→ **Data shown**:
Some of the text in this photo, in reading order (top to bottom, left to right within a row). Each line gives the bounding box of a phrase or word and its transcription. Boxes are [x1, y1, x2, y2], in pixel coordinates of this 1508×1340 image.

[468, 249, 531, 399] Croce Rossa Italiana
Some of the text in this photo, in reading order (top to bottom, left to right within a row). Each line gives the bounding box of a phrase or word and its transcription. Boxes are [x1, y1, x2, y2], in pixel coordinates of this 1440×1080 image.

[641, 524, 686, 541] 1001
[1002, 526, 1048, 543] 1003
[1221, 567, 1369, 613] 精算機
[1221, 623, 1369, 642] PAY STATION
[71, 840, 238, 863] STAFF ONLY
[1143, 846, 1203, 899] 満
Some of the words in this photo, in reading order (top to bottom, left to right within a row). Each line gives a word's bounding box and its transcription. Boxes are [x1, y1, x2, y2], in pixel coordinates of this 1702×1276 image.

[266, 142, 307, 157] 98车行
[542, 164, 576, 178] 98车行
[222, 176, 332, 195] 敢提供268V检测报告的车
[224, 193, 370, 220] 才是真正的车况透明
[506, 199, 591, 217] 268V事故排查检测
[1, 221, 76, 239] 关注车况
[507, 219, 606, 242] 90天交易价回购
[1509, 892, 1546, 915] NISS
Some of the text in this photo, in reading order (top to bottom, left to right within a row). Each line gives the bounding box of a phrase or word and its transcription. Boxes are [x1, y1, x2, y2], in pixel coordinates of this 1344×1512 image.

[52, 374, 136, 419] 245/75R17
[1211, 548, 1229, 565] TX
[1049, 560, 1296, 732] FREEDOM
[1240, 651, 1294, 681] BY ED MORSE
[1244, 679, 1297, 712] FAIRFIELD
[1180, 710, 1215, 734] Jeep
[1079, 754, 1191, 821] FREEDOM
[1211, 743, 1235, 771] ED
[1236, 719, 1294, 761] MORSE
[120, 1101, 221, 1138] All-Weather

→ **The problem**: Reply with every line of the material above, unaltered.

→ **Solution to the exercise**:
Some of the text in this photo, in reading order (top to bottom, left to right within a row). Each line gives the bounding box of a phrase or word and its transcription. Boxes are [x1, y1, x2, y2], in pixel coordinates of this 1508×1340 image.

[468, 249, 531, 399] Croce Rossa Italiana
Some of the text in this photo, in reading order (top to bottom, left to right within a row). Each line gives the bounding box of a phrase or word and its transcription. Boxes are [x1, y1, x2, y2], in pixel coordinates of this 1440×1080 image.

[641, 524, 686, 541] 1001
[1002, 526, 1048, 543] 1003
[1221, 567, 1369, 613] 精算機
[1221, 623, 1369, 642] PAY STATION
[71, 840, 238, 863] STAFF ONLY
[1143, 846, 1203, 899] 満
Some of the words in this photo, in reading order (top to bottom, left to right within a row). Each line gives a word's bounding box and its transcription. Boxes are [x1, y1, x2, y2], in pixel coordinates of this 1702×1276 image.

[266, 142, 307, 157] 98车行
[542, 164, 576, 178] 98车行
[222, 176, 332, 195] 敢提供268V检测报告的车
[224, 193, 370, 220] 才是真正的车况透明
[506, 199, 591, 217] 268V事故排查检测
[1, 221, 76, 239] 关注车况
[507, 219, 606, 242] 90天交易价回购
[1509, 892, 1546, 915] NISS
Some of the text in this photo, in reading order (top to bottom, left to right within a row). Each line gives the bounding box of a phrase or word and its transcription. Boxes are [x1, y1, x2, y2], in pixel coordinates of this 1344×1512 image.

[52, 374, 136, 419] 245/75R17
[1211, 548, 1229, 565] TX
[1049, 560, 1296, 732] FREEDOM
[1240, 651, 1294, 681] BY ED MORSE
[1244, 679, 1297, 712] FAIRFIELD
[1180, 710, 1215, 734] Jeep
[1079, 754, 1191, 821] FREEDOM
[1211, 743, 1235, 771] ED
[1236, 719, 1294, 761] MORSE
[120, 1101, 221, 1138] All-Weather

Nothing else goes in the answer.